SOURCE RECORDS:
== Segment start ==

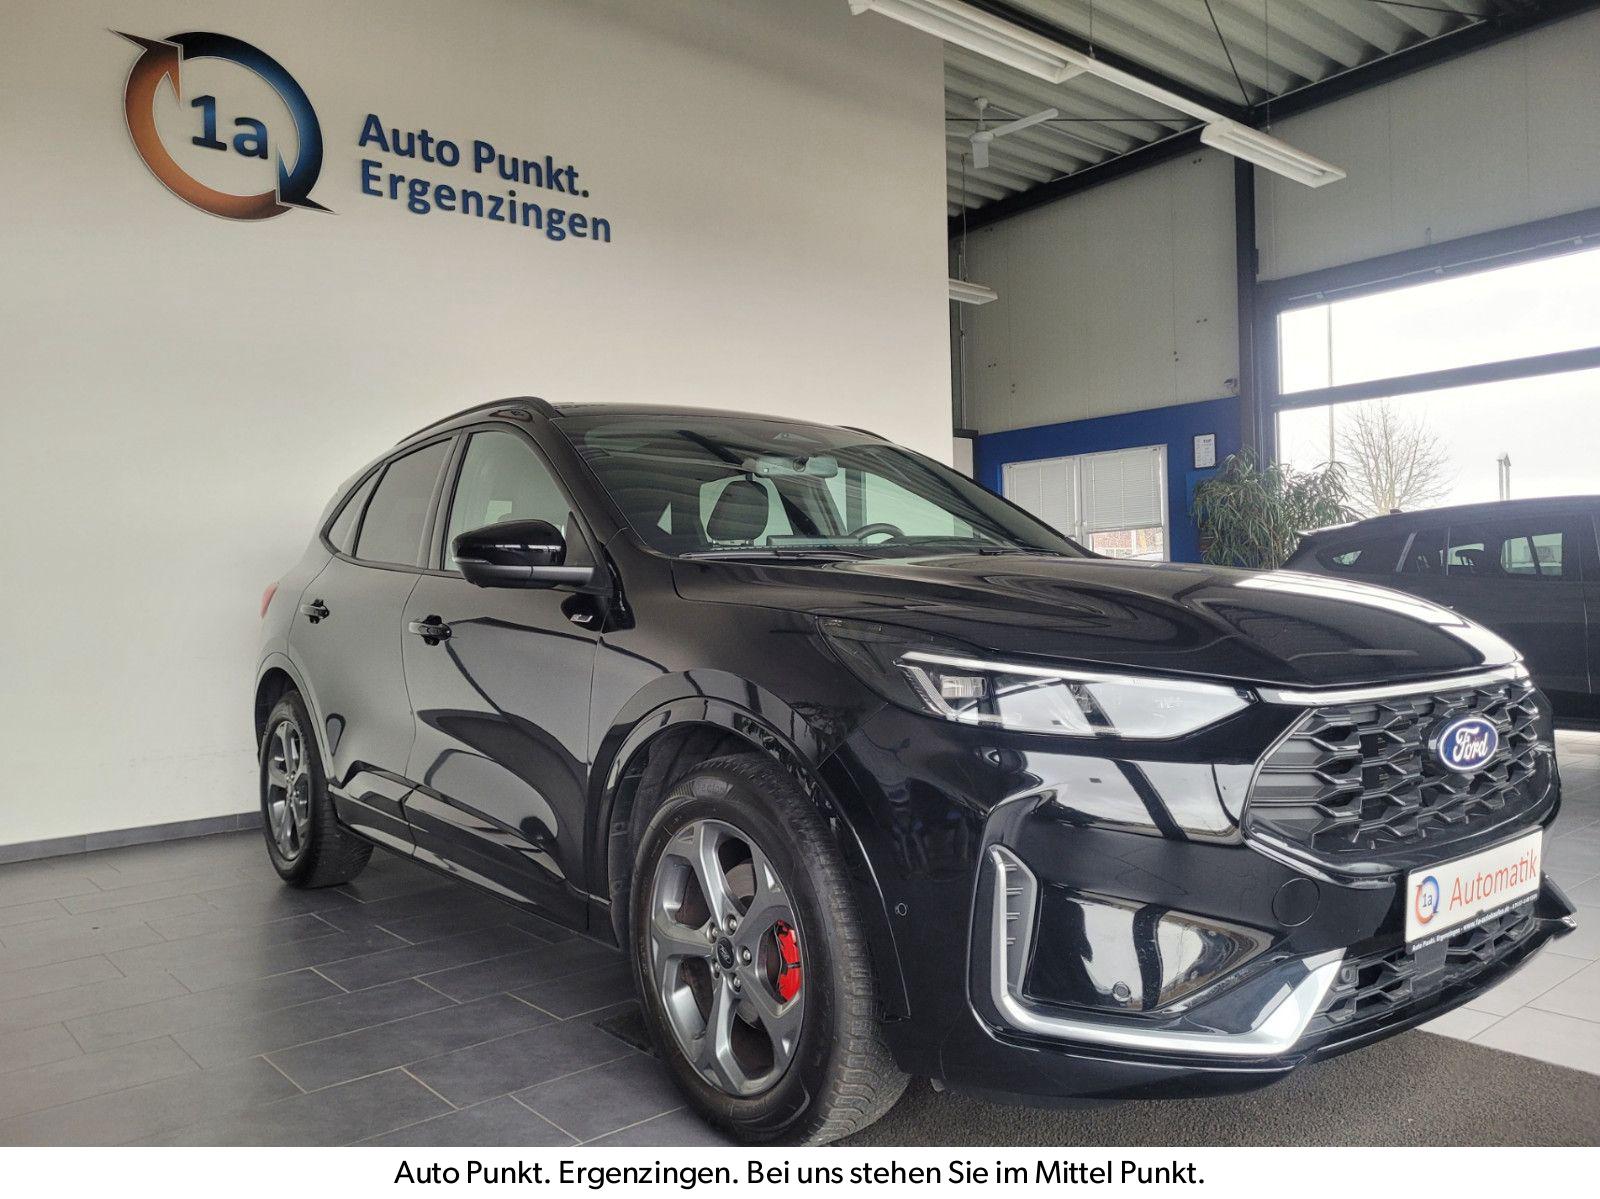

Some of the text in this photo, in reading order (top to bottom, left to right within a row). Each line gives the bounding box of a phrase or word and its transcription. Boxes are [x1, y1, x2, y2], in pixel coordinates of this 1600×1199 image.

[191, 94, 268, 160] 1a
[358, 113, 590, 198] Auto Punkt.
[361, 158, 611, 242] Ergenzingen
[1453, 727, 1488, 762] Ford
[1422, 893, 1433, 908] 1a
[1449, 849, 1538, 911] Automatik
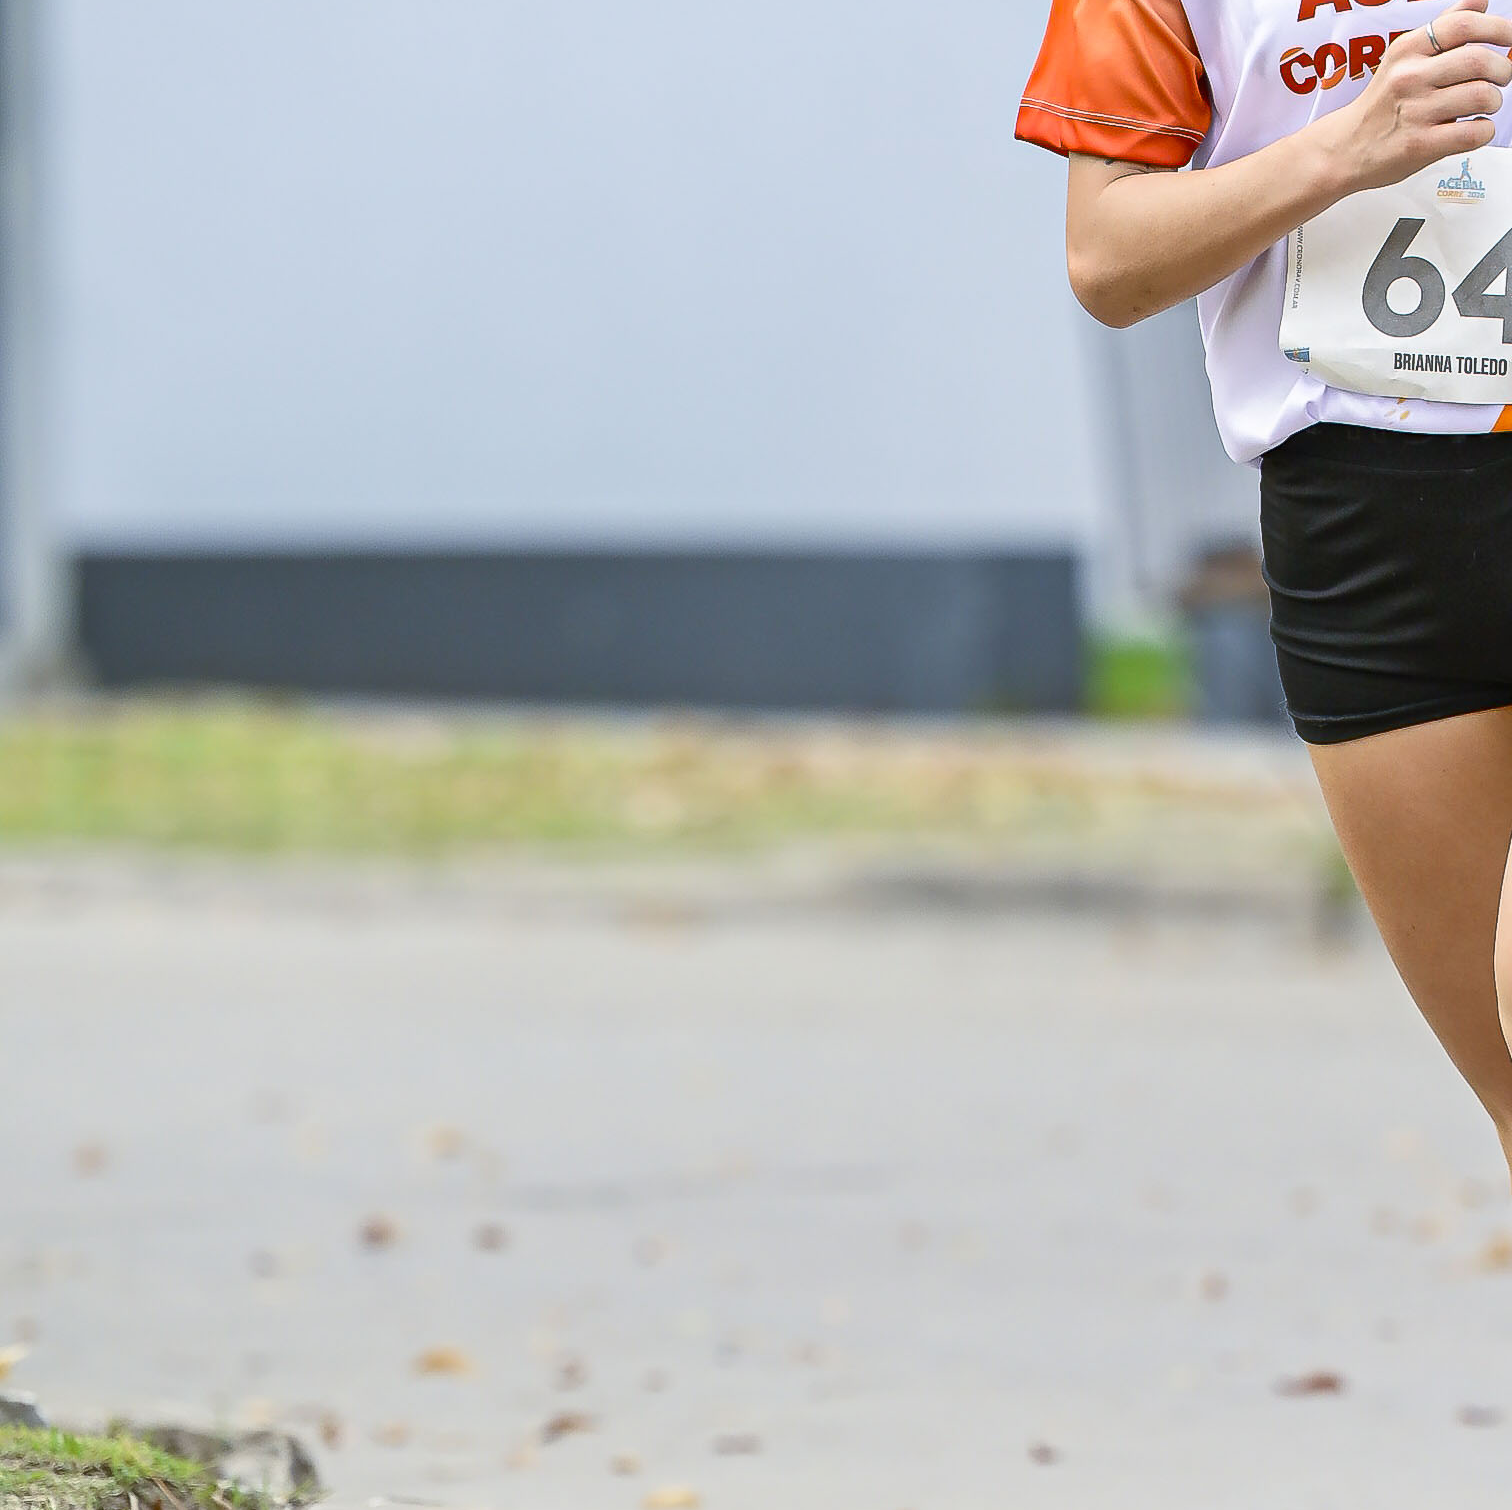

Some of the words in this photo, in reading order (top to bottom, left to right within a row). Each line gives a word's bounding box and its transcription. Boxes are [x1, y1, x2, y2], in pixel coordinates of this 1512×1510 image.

== Segment end ==

TASK ITEM: Copy the entries character for character, excluding any pictures.

RESULT OF THE EXERCISE:
Some of the text in this photo, in reading order (top to bottom, left to right within a row). Each line gives the bounding box of a phrase or word and its transcription. Boxes are [x1, y1, x2, y2], in pixel coordinates of this 1600×1199 image.

[191, 94, 268, 160] 1a
[358, 113, 590, 198] Auto Punkt.
[361, 158, 611, 242] Ergenzingen
[1453, 727, 1488, 762] Ford
[1422, 893, 1433, 908] 1a
[1449, 849, 1538, 911] Automatik

Some of the words in this photo, in reading order (top to bottom, left to right within a row). Each line gives a word's bounding box and its transcription. Boxes are [x1, y1, x2, y2], in pixel coordinates of this 1512×1510 image.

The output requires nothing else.